The original description of gastric ghrelin cells was performed in rodents (1, 2, 18). The ghrelin cell was identified as a fairly distinct round cell of the midportion of the oxyntic gland at ultrastructure displaying X/A-like granules. One of the two original reports was performed on mouse stomach and indicated that, besides chromogranin A, a subpopulation of ghrelin cells also co-expressed serotonin and somatostatin, probably a species-specific feature (2). Overall, the reported evidence indicated the endocrine nature of the ghrelin cell and supported its inclusion in the DES of the stomach of rodents.
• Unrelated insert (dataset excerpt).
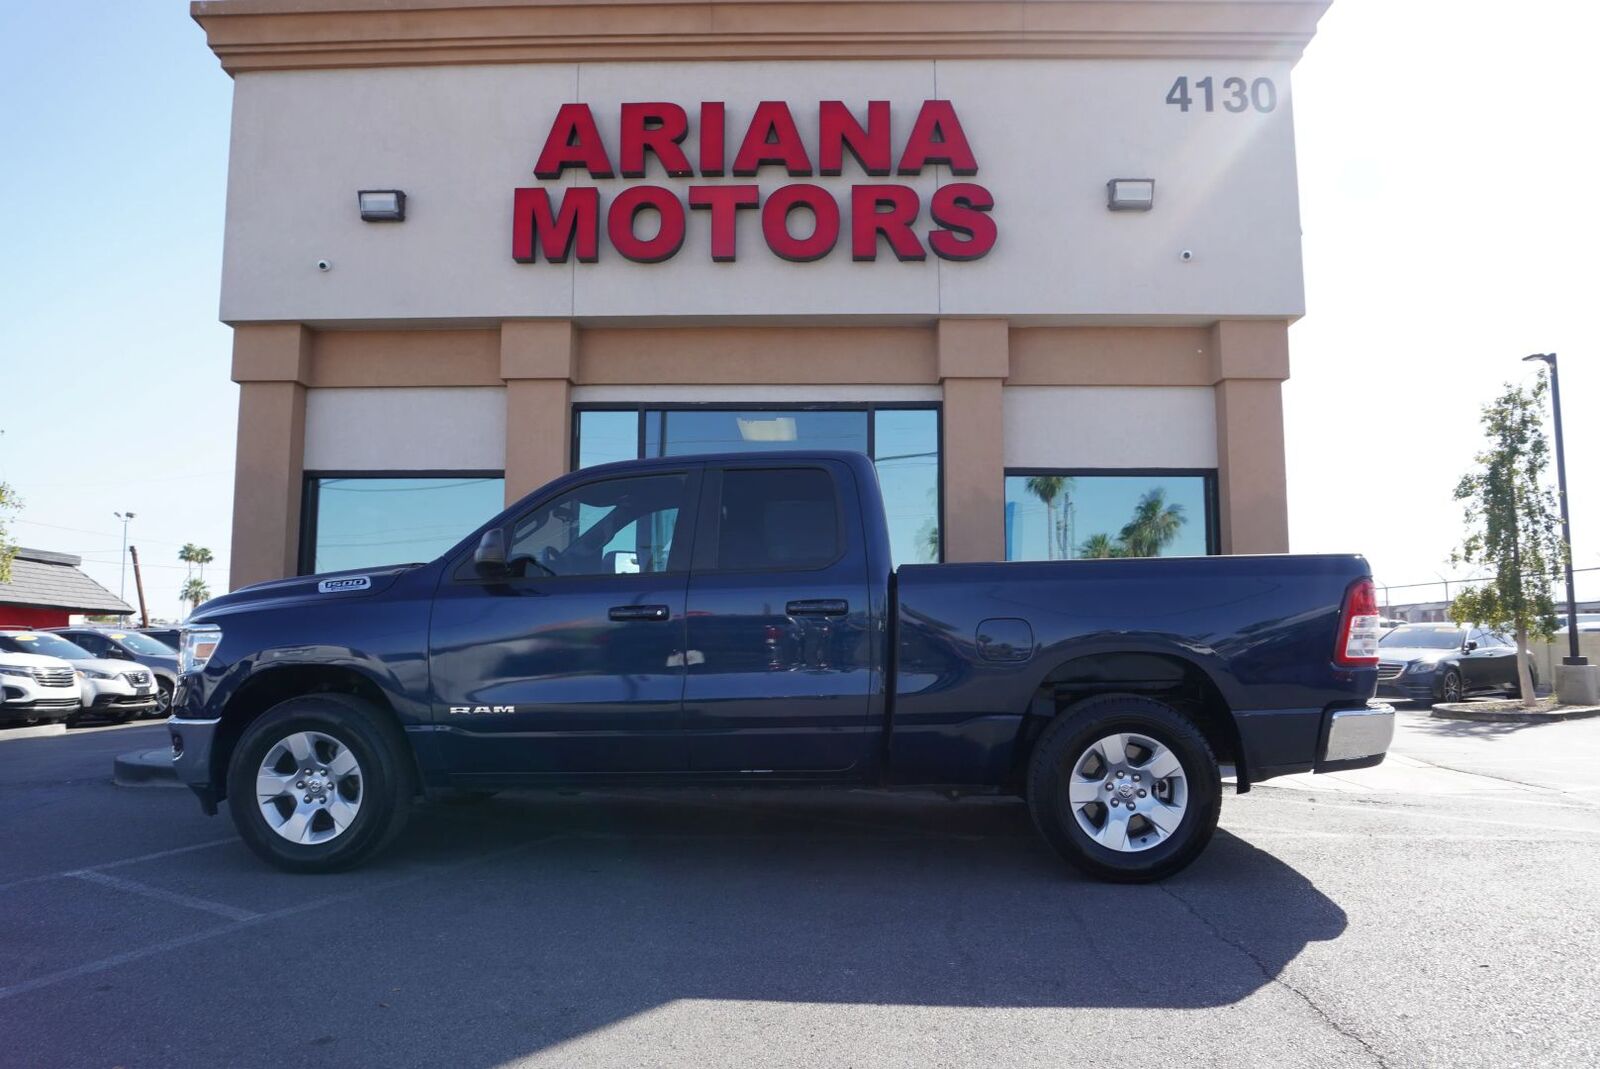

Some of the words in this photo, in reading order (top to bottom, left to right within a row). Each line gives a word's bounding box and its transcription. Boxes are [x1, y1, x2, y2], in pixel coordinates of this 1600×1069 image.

Similarly, in humans, ghrelin cells were found to correspond to a fraction of cells positive for chromogranin A and VMAT2, although they were negative for histidine decarboxylase, serotonin, and somatostatin (18, 19). These findings indicate that in humans as in rodents the ghrelin cell is distinct from the other three better-known cell types of the oxyntic mucosa, namely, the histamine-producing enterochromaffin-like (ECL) cell, the somatostatin-producing D cell, and the serotonin-producing enterochromaffin (EC) cell. Of note, both the D and ECL cells are well represented in the oxyntic mucosa and deeply involved in the local control of gastric acid output (20). At ultrastructural analysis, human ghrelin cells are characterized by round, compact-to-thin, haloed secretory granules of a mean diameter of approximately 140 nm, with features consistent with the P/D1 cells of previous studies (2123). Single immunogold labeling with ghrelin antiserum exclusively labeled P/D1 granules, confirming the P/D1 cells as ghrelin cells (19). Double immunogold labeling with ghrelin and VMAT2 sera demonstrated that ghrelin cells co-express VMAT2 in their granules, in contrast with ECL cells, which displayed only VMAT2 labeling (19). Of note, ghrelin cells display different granule size and morphologic features in different species (19). In dog, the ghrelin cell exhibits large granules of approximately 270 nm (Fig. 2A
), thus corresponding to the previously characterized X cells (24), which in rat are approximately 180 nm, as A-like or X cells (25, 26), and in humans are approximately 140 nm (Fig. 2B
), as P/D1 (19).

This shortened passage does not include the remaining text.